**Task to carry out**
In your copy, drop the images and return each record exactly as it stands.

------ Supplied information ------

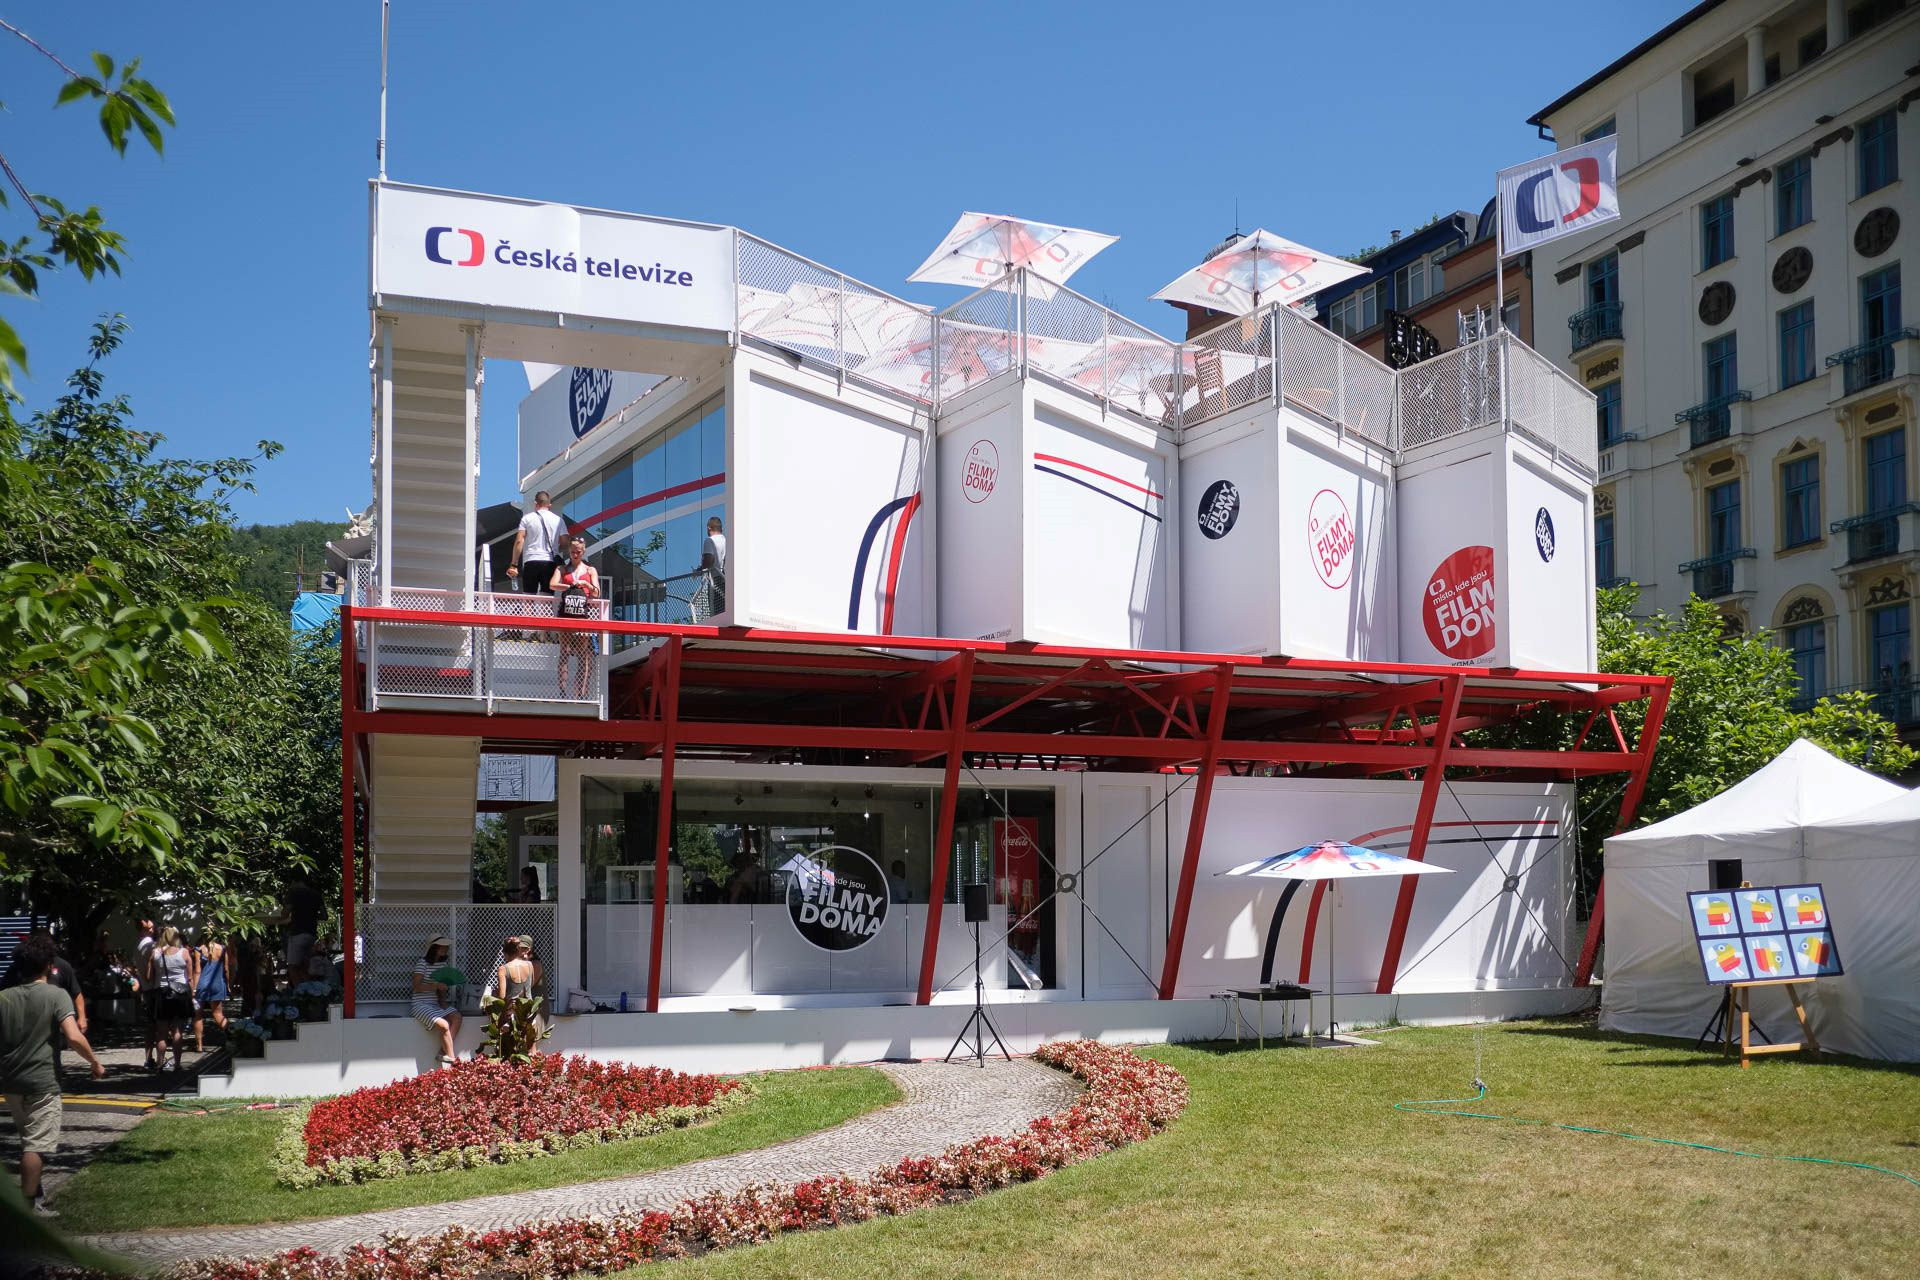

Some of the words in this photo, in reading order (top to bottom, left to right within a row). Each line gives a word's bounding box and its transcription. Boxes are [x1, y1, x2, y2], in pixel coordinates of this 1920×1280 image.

[494, 240, 577, 273] Česká
[585, 256, 693, 287] televize
[966, 474, 994, 493] DOMA
[968, 462, 996, 480] FILMY
[1206, 482, 1230, 531] FILMY
[1214, 486, 1238, 535] DOMA
[1317, 513, 1347, 560] FILMY
[1323, 530, 1355, 578] DOMA
[1455, 580, 1470, 592] kde
[1470, 570, 1488, 586] jsou
[1435, 579, 1495, 629] FILM
[803, 881, 884, 916] FILMY
[848, 879, 866, 890] jsou
[800, 902, 881, 936] DOMA
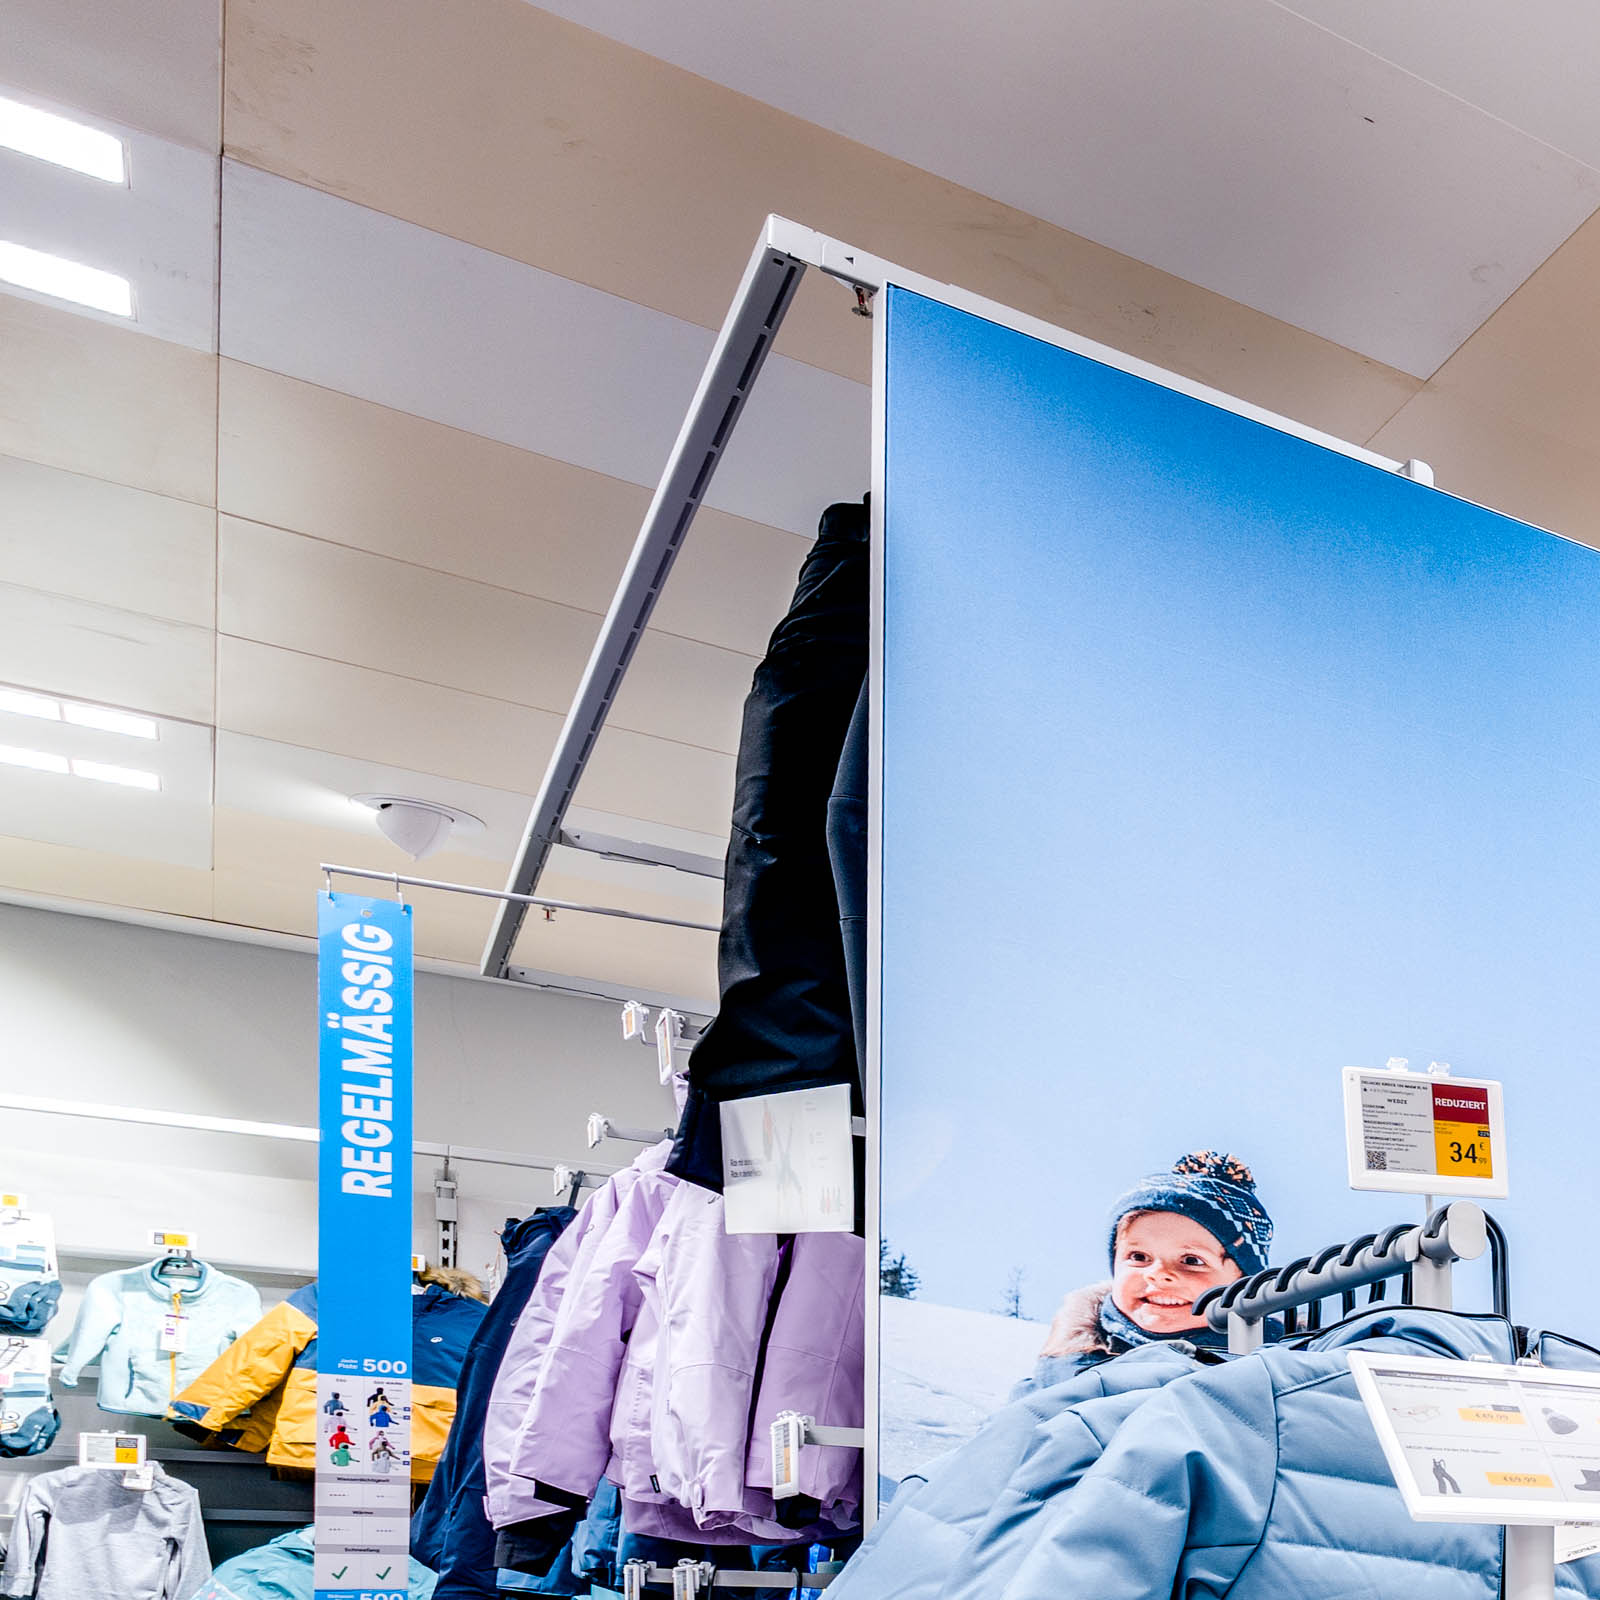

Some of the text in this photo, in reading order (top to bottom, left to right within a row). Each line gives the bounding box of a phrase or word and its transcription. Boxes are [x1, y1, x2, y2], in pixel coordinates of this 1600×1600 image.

[327, 923, 394, 1198] REGELMÄSSIG
[1434, 1097, 1487, 1111] REDUZIERT
[1450, 1141, 1478, 1164] 34
[363, 1358, 408, 1374] 500

------

**Response**
Some of the words in this photo, in reading order (top to bottom, left to right within a row). Each line gives a word's bounding box and its transcription. Boxes are [x1, y1, x2, y2], in pixel coordinates of this 1920×1280 image.

[494, 240, 577, 273] Česká
[585, 256, 693, 287] televize
[966, 474, 994, 493] DOMA
[968, 462, 996, 480] FILMY
[1206, 482, 1230, 531] FILMY
[1214, 486, 1238, 535] DOMA
[1317, 513, 1347, 560] FILMY
[1323, 530, 1355, 578] DOMA
[1455, 580, 1470, 592] kde
[1470, 570, 1488, 586] jsou
[1435, 579, 1495, 629] FILM
[803, 881, 884, 916] FILMY
[848, 879, 866, 890] jsou
[800, 902, 881, 936] DOMA

Some of the text in this photo, in reading order (top to bottom, left to right within a row). Each line gives the bounding box of a phrase or word and its transcription. Boxes are [x1, y1, x2, y2], in pixel coordinates of this 1600×1600 image.

[327, 923, 394, 1198] REGELMÄSSIG
[1434, 1097, 1487, 1111] REDUZIERT
[1450, 1141, 1478, 1164] 34
[363, 1358, 408, 1374] 500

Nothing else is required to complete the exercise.